Drupal - History

History

Major Version Release Date
1.0 15 Jan 2001
2.0 15 Mar 2001
3.0 15 Sep 2001
4.0 16 Jun 2002
5.0 15 Jan 2007
6.0 13 Feb 2008
7.0 5 Jan 2011
8.0 Aug 2013

Originally written by Dries Buytaert as a message board, Drupal became an open source project in 2001. Drupal is an English rendering of the Dutch word "druppel", which means "drop" (as in "a water droplet"). The name was taken from the now-defunct Drop.org website, whose code slowly evolved into Drupal. Buytaert wanted to call the site "dorp" (Dutch for "village") for its community aspects, but mistyped it when checking the domain name and thought the error sounded better.
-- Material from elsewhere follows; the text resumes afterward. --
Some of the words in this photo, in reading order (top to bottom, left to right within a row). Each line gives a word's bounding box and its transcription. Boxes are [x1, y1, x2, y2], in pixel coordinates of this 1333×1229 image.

A community now helps develop Drupal, and Drupal's popularity is growing rapidly. From July 2007 to June 2008, Drupal was downloaded from the Drupal.org website more than 1.4 million times, an increase of approximately 125% from the previous year.
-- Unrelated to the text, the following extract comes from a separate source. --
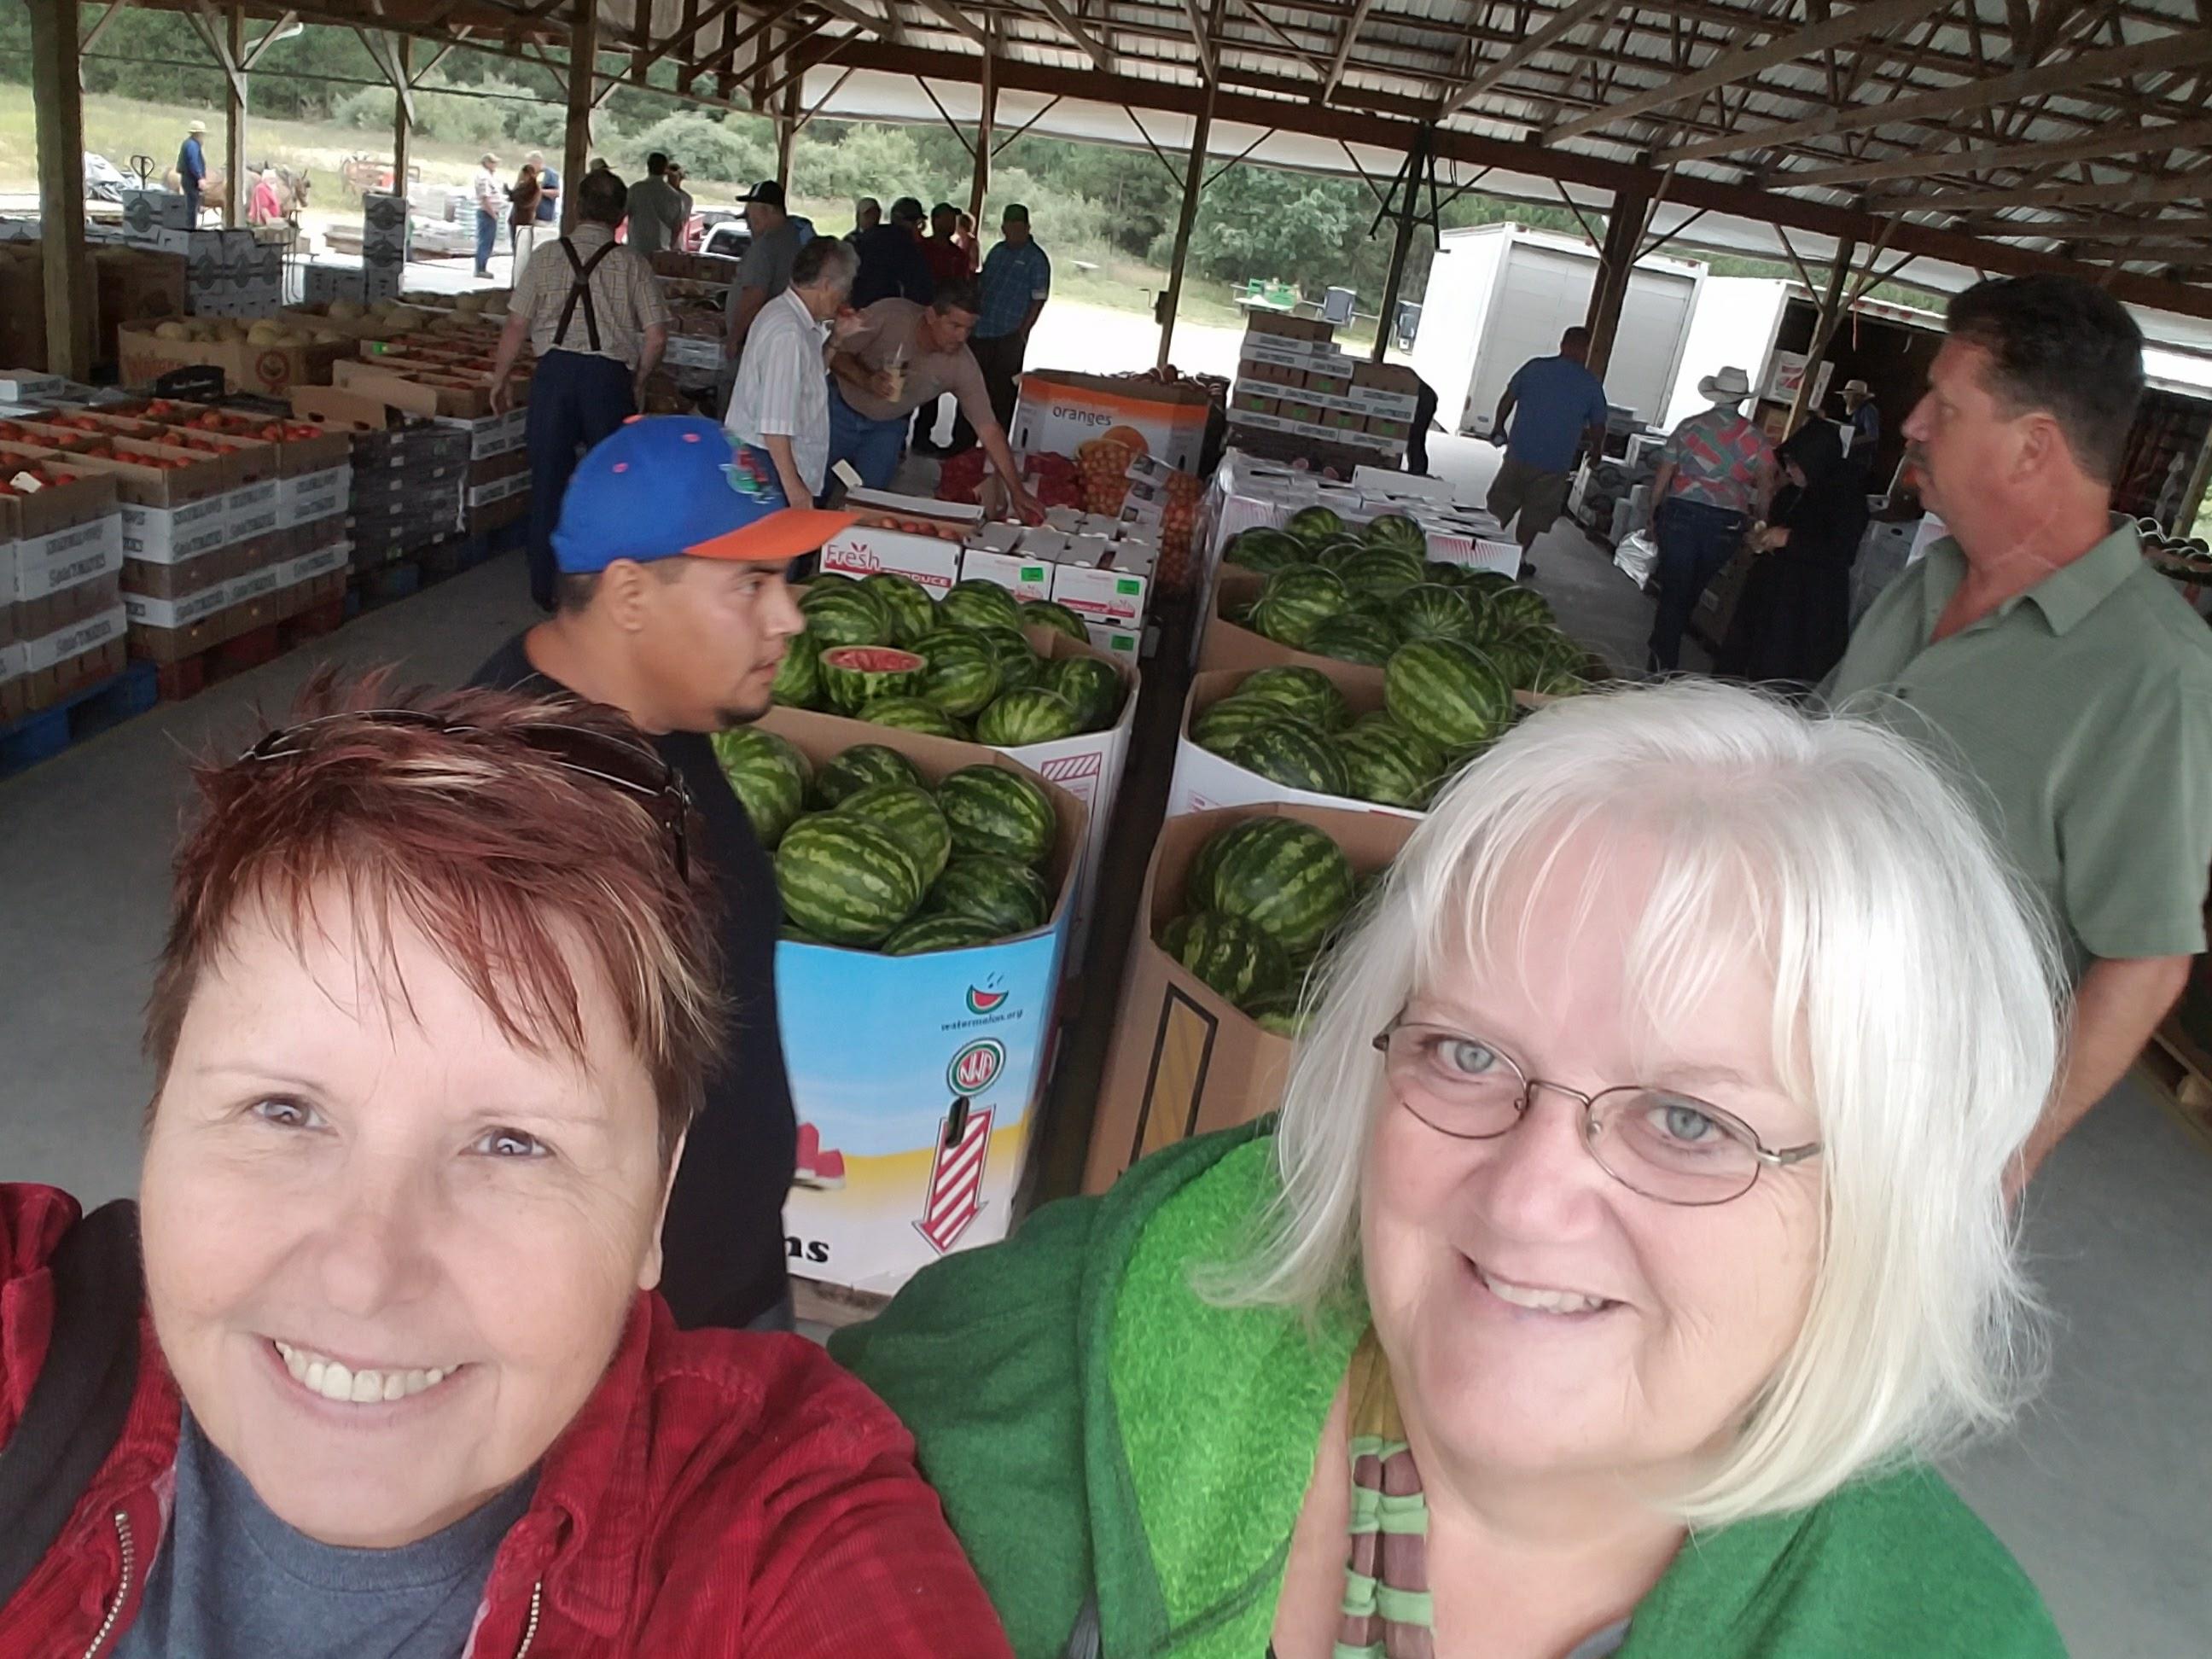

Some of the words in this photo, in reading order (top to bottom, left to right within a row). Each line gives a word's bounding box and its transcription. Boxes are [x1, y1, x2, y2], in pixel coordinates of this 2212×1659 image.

[1053, 406, 1112, 426] oranges
[826, 544, 880, 570] Fresh
[941, 1009, 1023, 1031] watermelon.org
[785, 1236, 830, 1263] ns
As of February 2012, hundreds of thousands of sites used Drupal. These include hundreds of well-known organizations, including corporations, media & publishing companies, governments, non-profits, schools, and individuals. Drupal also won several Packt Open Source CMS Awards and won the Webware 100 three times in a row.

On March 5, 2009, Buytaert announced a code freeze for Drupal 7 for September 1, 2009. Drupal 7 was released on January 5, 2011, with release parties in multiple countries. As of this release, maintenance for Drupal 5 has stopped, and only Drupal 7 and Drupal 6 are maintained. The latest version is Drupal 7.17, released on 5 Nov 2012.

Drupal 8 is in development and a release has been set for August 2013. The work on Drupal 8 is divided in the categories, called Core initiatives, Mobile, Layouts, Web Services and Configuration management. The Google Summer of Code is sponsoring 20 Drupal projects.